The Federação Anarquista Gaúcha has been around since 1995, and is named after the “gaucho” region of southern Brazil, namely in the state of Rio Grande do Sur where this organization is from. The capital city, Porto Alegre, is well-known for its annual hosting of the World Social Forum (WSF). I was in Brazil at last year’s WSF and got to meet a few FAG members, and in that short amount of time was very impressed with the organizational work and dedication of the group, who were simultaneously hosting the ‘Jornadas Anarquistas’ Conference during the WSF, and continuing with their own work. Below is an interview with Luciana, the FAG’s international secretary.

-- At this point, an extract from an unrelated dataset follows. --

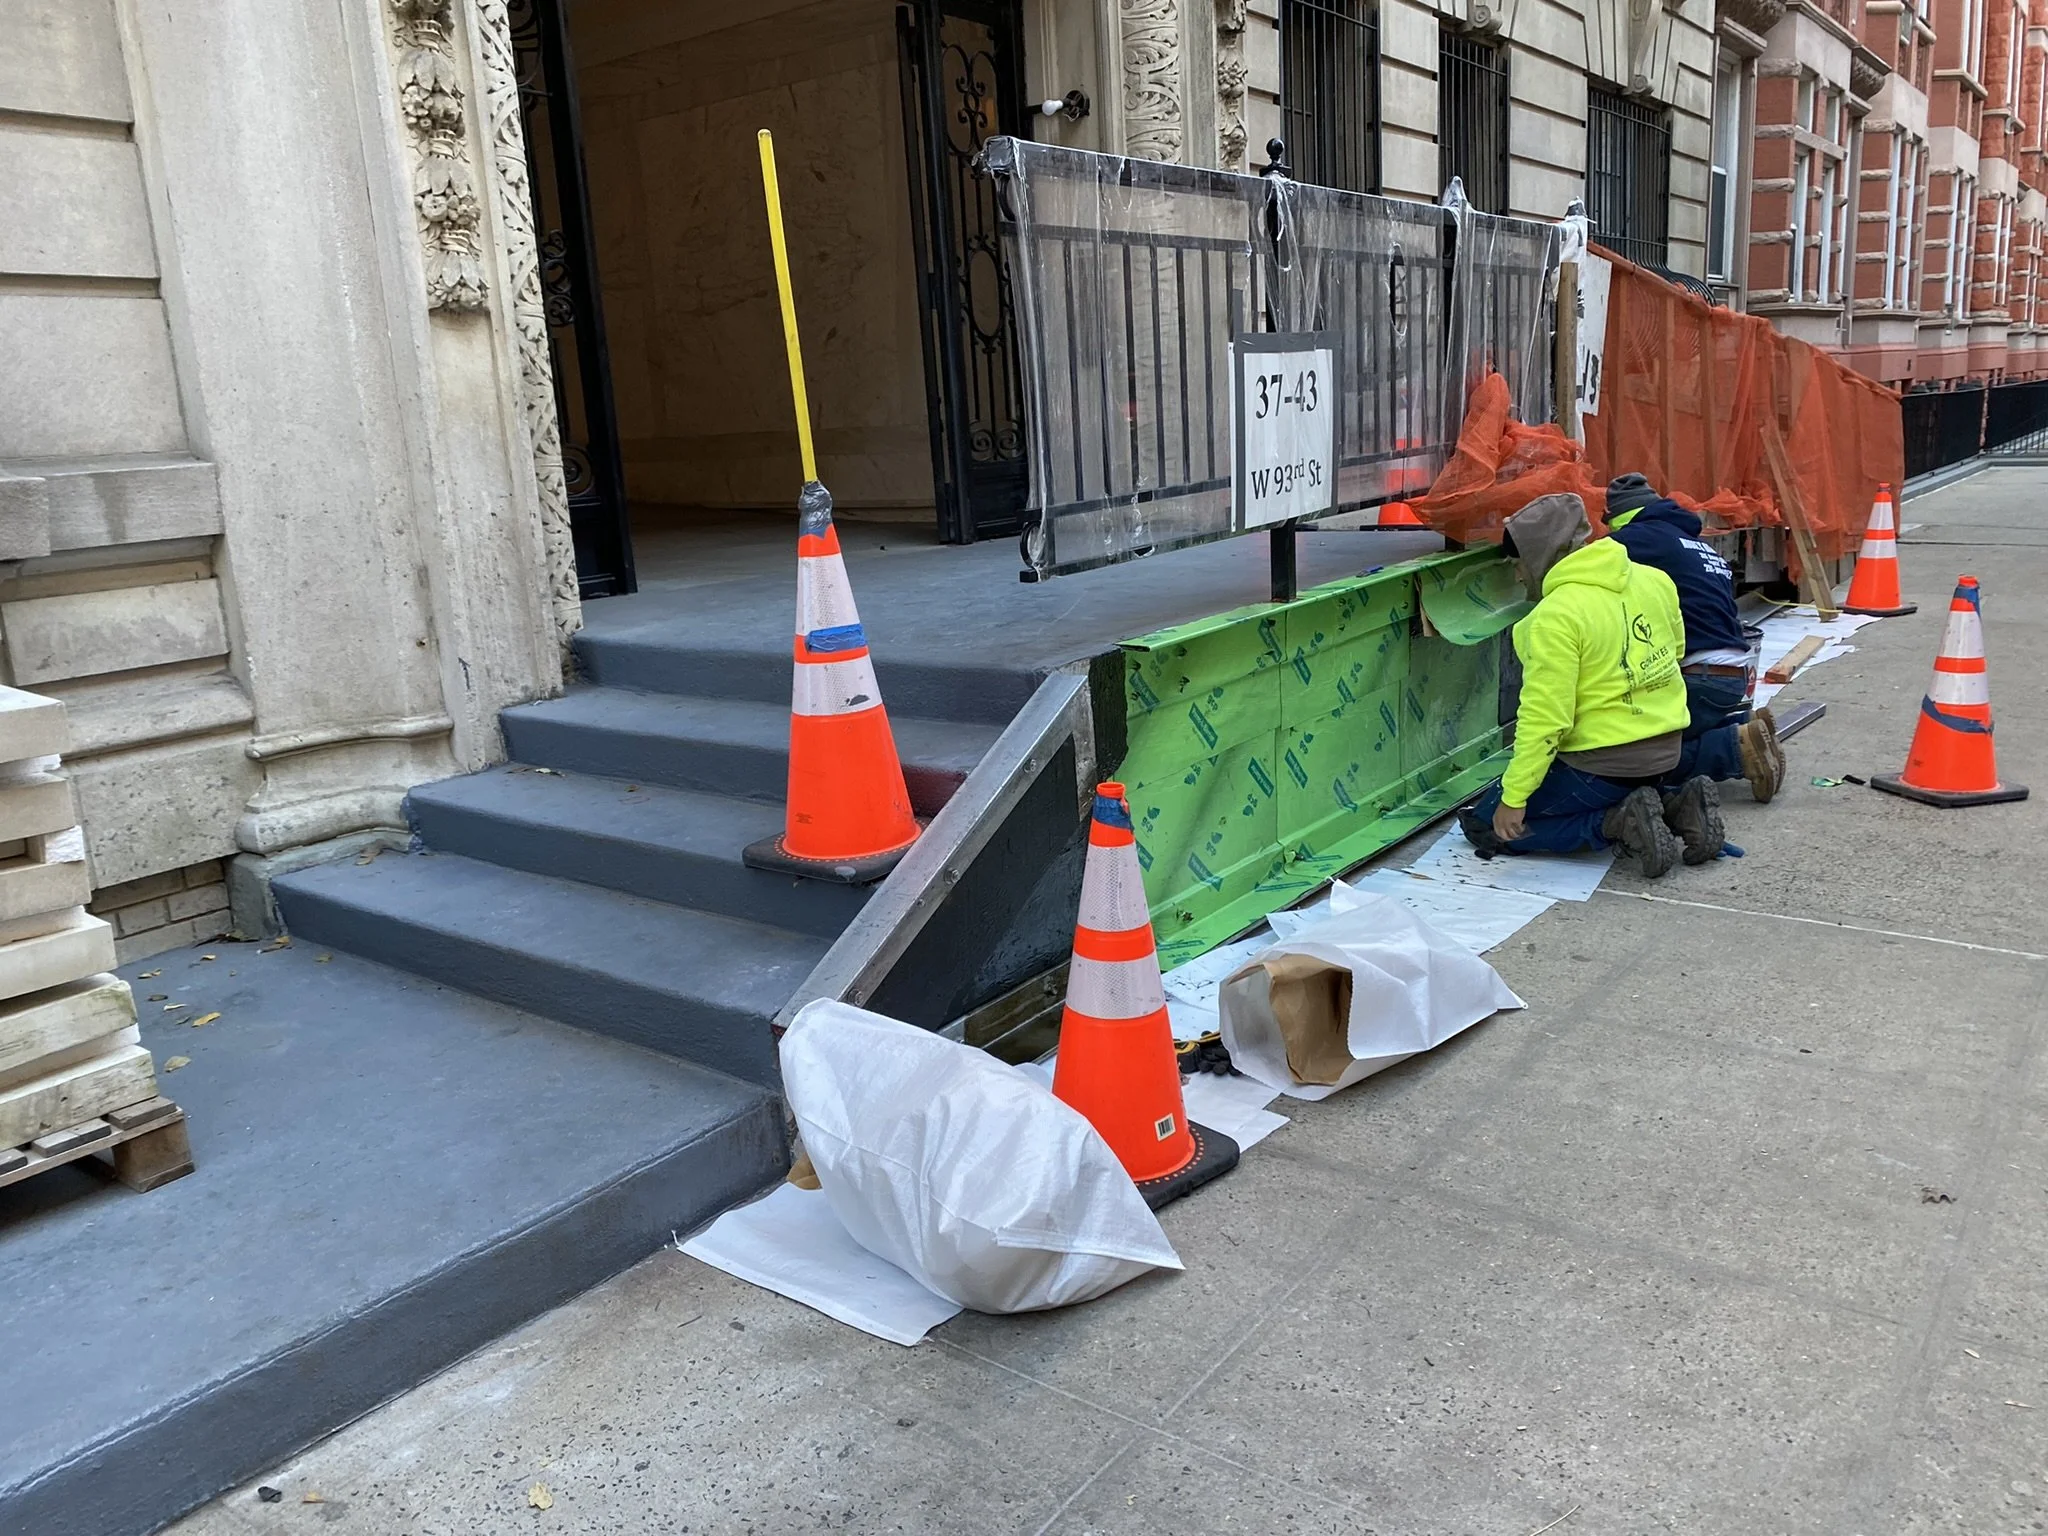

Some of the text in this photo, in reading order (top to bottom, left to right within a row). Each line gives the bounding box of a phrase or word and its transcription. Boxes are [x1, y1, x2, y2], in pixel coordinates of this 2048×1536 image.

[1255, 370, 1318, 419] 37-43
[1251, 458, 1322, 500] W 93rd St

Interview by Red Sonja (NEFAC-Boston)
Translation by Tony.

NEFAC: The FAG, in its formation, was influenced by the Uruguayan FAU, and is currently a part of the SIL (International Libertarian Solidarity). What anarchist groups do you work with closely in South America? Has the SIL been a beneficial international network for groups in the southern hemisphere? What kind of solidarity work is necessary from the anarchist groups in North America and Europe?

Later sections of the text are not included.